Cardiopulmonary exercise testing (CPET) is a safe, non-invasive assessment of cardiorespiratory function. It allows the determination of crucial prognostic variables and can distinguish pathophysiology not apparent at rest. It can discriminate cardiovascular, ventilatory, and musculoskeletal limitations during exercise by monitoring disturbances in key variable responses such as oxygen, carbon dioxide, minute ventilation, and heart rate. It offers additional interpretive power over conventional stress testing and thus can lead to improved clinical decision-making and risk stratification in patients with cardiometabolic and respiratory disease.

The ability to perform physical exercise is dependent on the cardiovascular system's ability to deliver oxygen to the tissues and eliminate the metabolic by-products produced. The transport of O2 and CO2 in and out of the human body is a sequential phenomenon, and three processes occur in the body that assists with the ability to supply O2 and remove CO2.

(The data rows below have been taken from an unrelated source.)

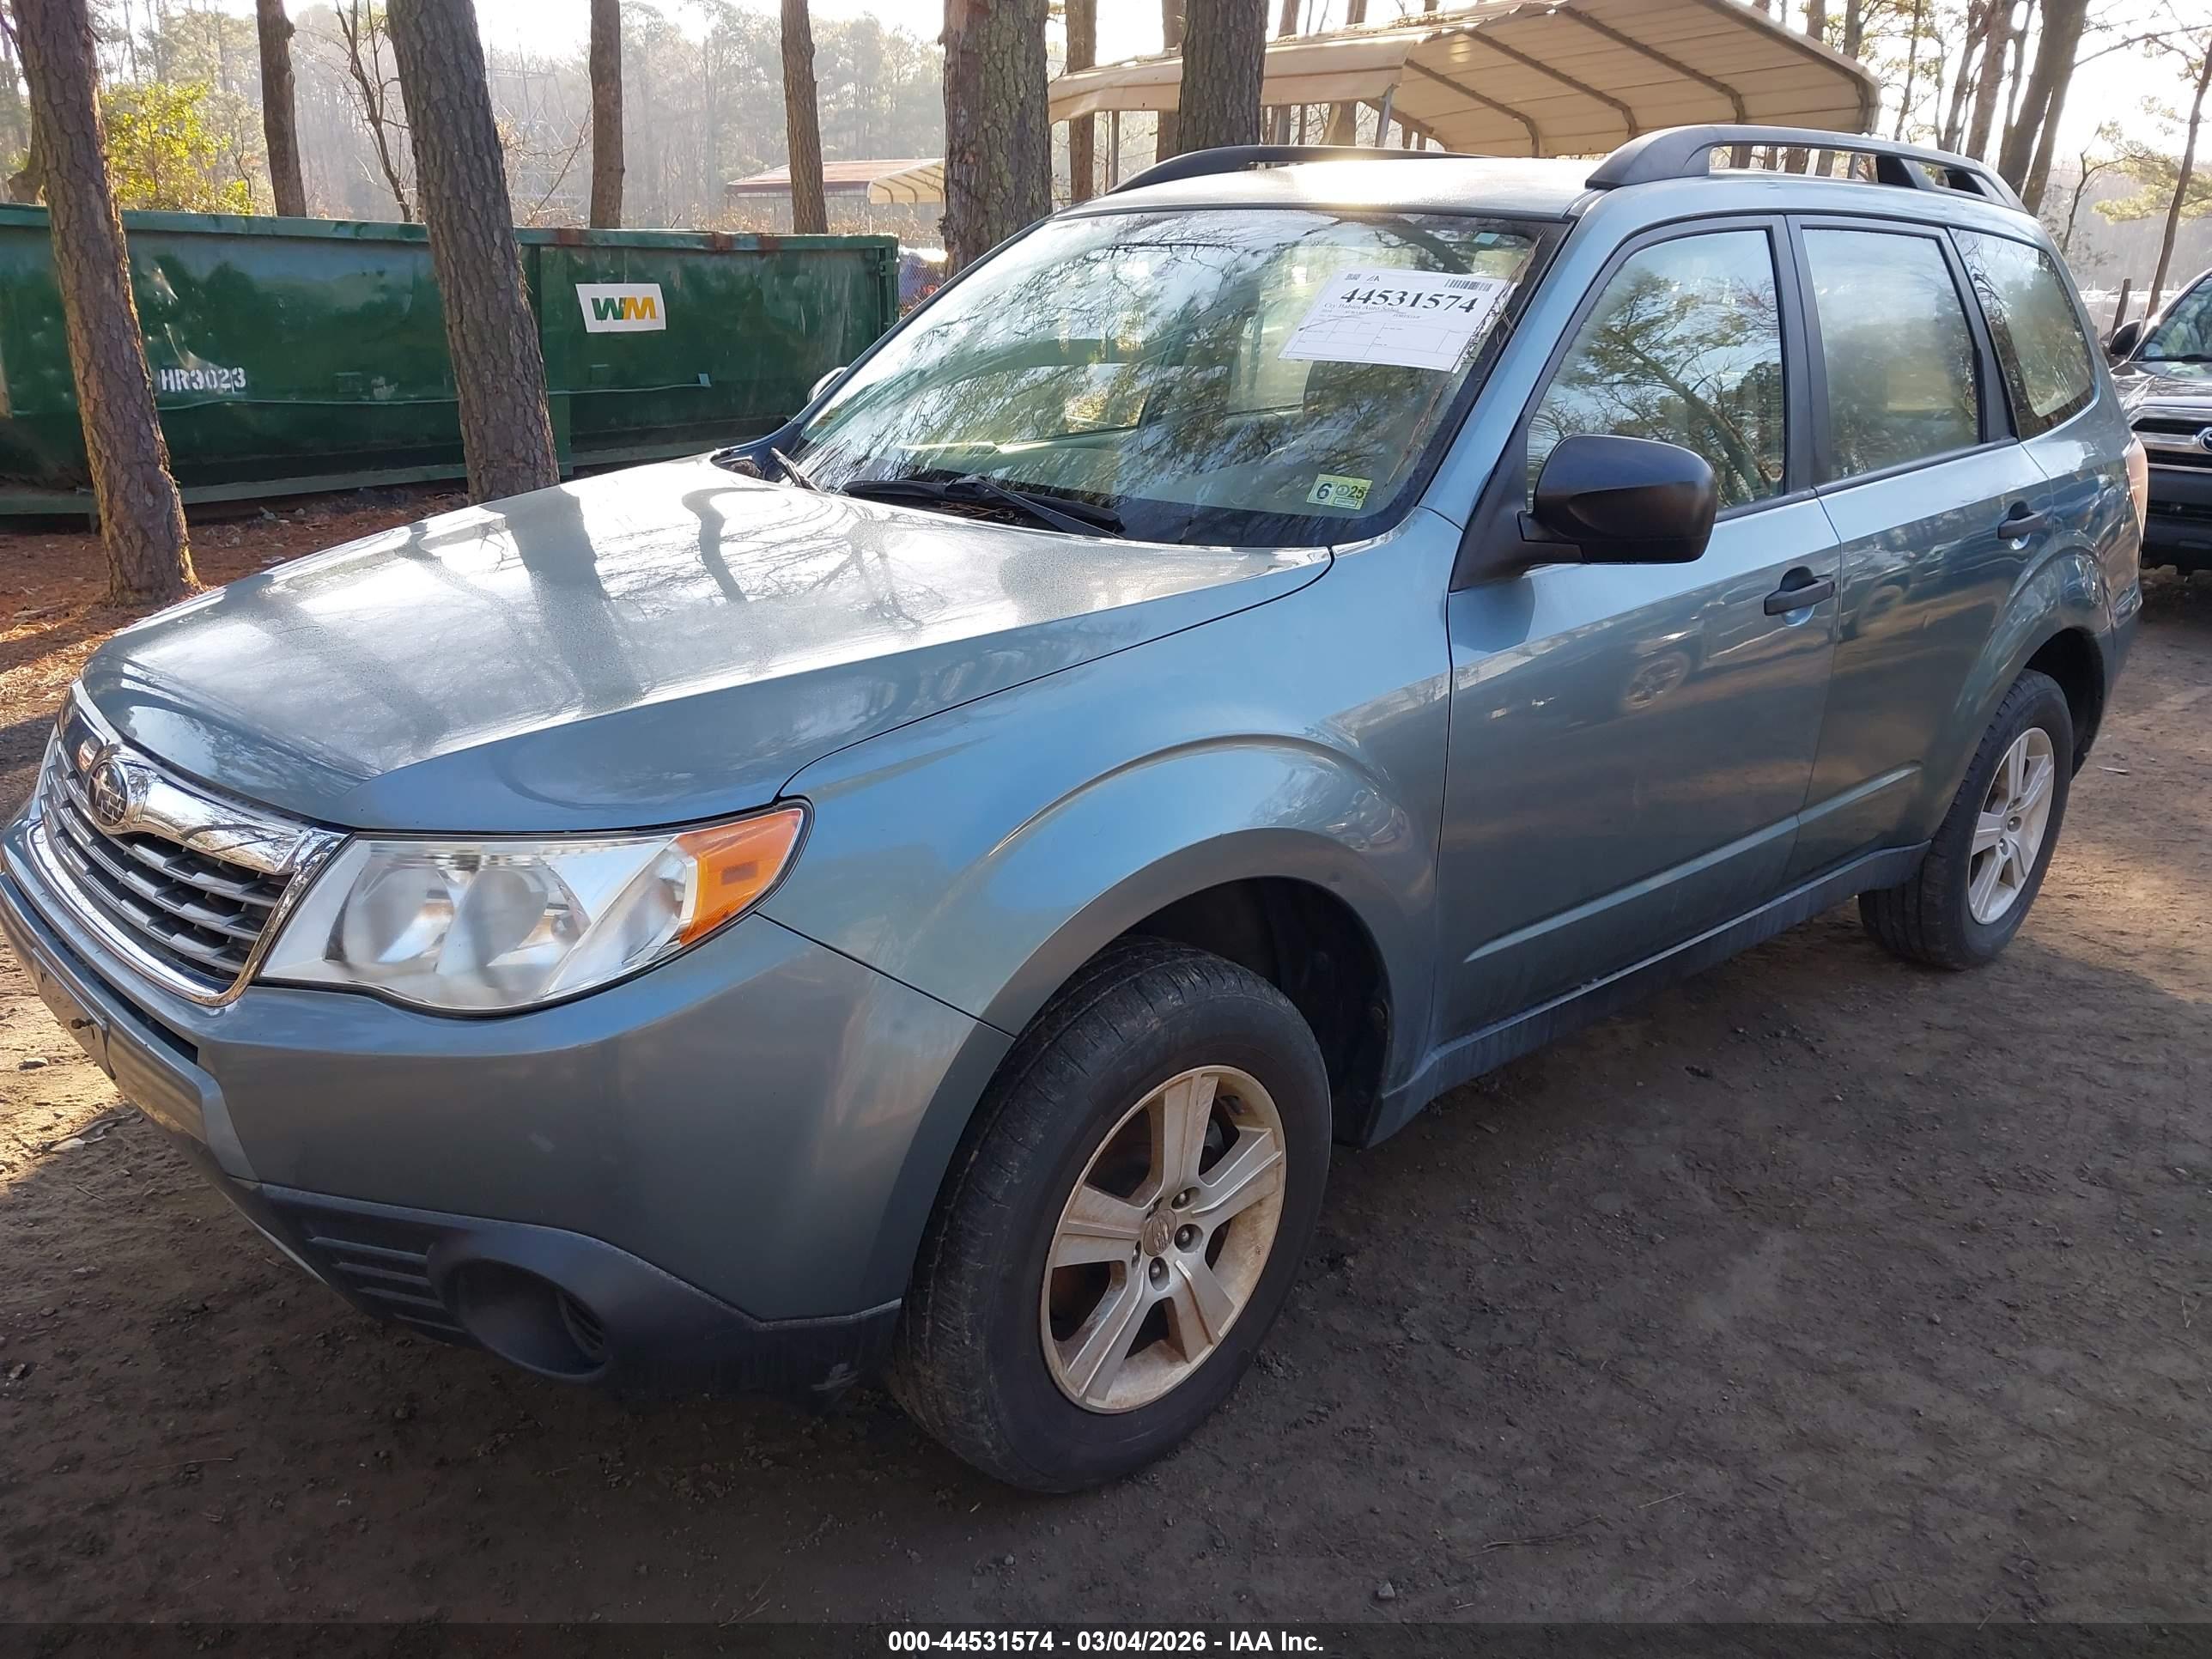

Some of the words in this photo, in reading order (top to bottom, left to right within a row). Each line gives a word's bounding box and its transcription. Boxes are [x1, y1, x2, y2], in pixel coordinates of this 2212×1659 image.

[590, 296, 657, 321] WM
[1340, 287, 1479, 313] 44531574
[159, 367, 246, 392] HR3023
[1316, 483, 1333, 500] 6
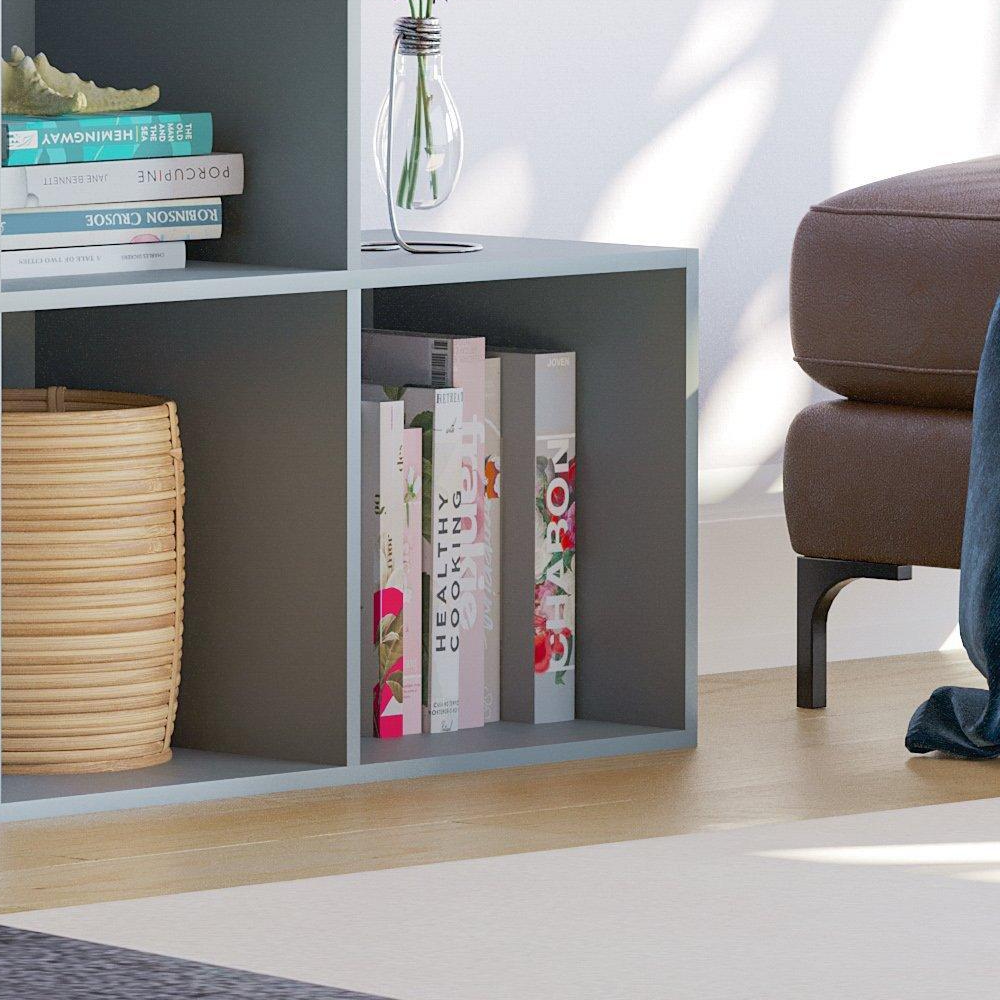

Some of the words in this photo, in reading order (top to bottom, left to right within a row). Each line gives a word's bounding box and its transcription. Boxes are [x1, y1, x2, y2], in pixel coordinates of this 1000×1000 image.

[41, 129, 133, 145] HEMINGWAY
[140, 125, 149, 142] SEA
[149, 124, 157, 142] THE
[158, 123, 166, 142] AND
[167, 122, 175, 142] MAN
[43, 175, 85, 186] BENNETT
[87, 174, 108, 184] JANE
[137, 165, 231, 184] PORCUPINE
[85, 211, 142, 227] CRUSOE
[146, 208, 218, 224] ROBINSON
[546, 357, 570, 368] JOVEN
[546, 438, 570, 666] CHABON
[435, 492, 449, 653] HEALTHY
[450, 489, 462, 653] COOKING

  1. External Respiration: Lung ventilation and gas exchange facilitate the delivery of O2 into the blood and the elimination of metabolic by-products (CO2) produced by exercise

  2. Circulation: Responsible for the transport of O2 and CO2

  3. Internal Respiration: Mitochondria undergo oxidative phosphorylation in order to produce ATP, which in turn produces mechanical energy

Ventilation-Perfusion Matching: In healthy individuals, exercise causes blood flow to the apex of the lung to increase due to increased recruitment of previously unused capillaries (increase in tidal volume) along with decreased pulmonary vascular resistance. This results in increased flow to the pulmonary circuit during exercise with relatively small increases in pulmonary arterial pressure. The increase in tidal volume is seen early in exercise and is a contributing factor to increased minute ventilation. The ideal Ventilation (V) - Perfusion (Q) ratio to sustain exercise is approximately 1.0. Progressive exercise will ultimately end in a V/Q mismatch because the cardiac output cannot keep up with the demand of the skeletal muscles. Certain disease states initiate the V/Q mismatch early, contributing to the exercise intolerance commonly observed. In patients with poor cardiac function, perfusion to the lungs becomes reduced, leading to a high V/Q ratio. Conversely, in patients with respiratory disease, ventilation is impaired, causing a low V/Q ratio.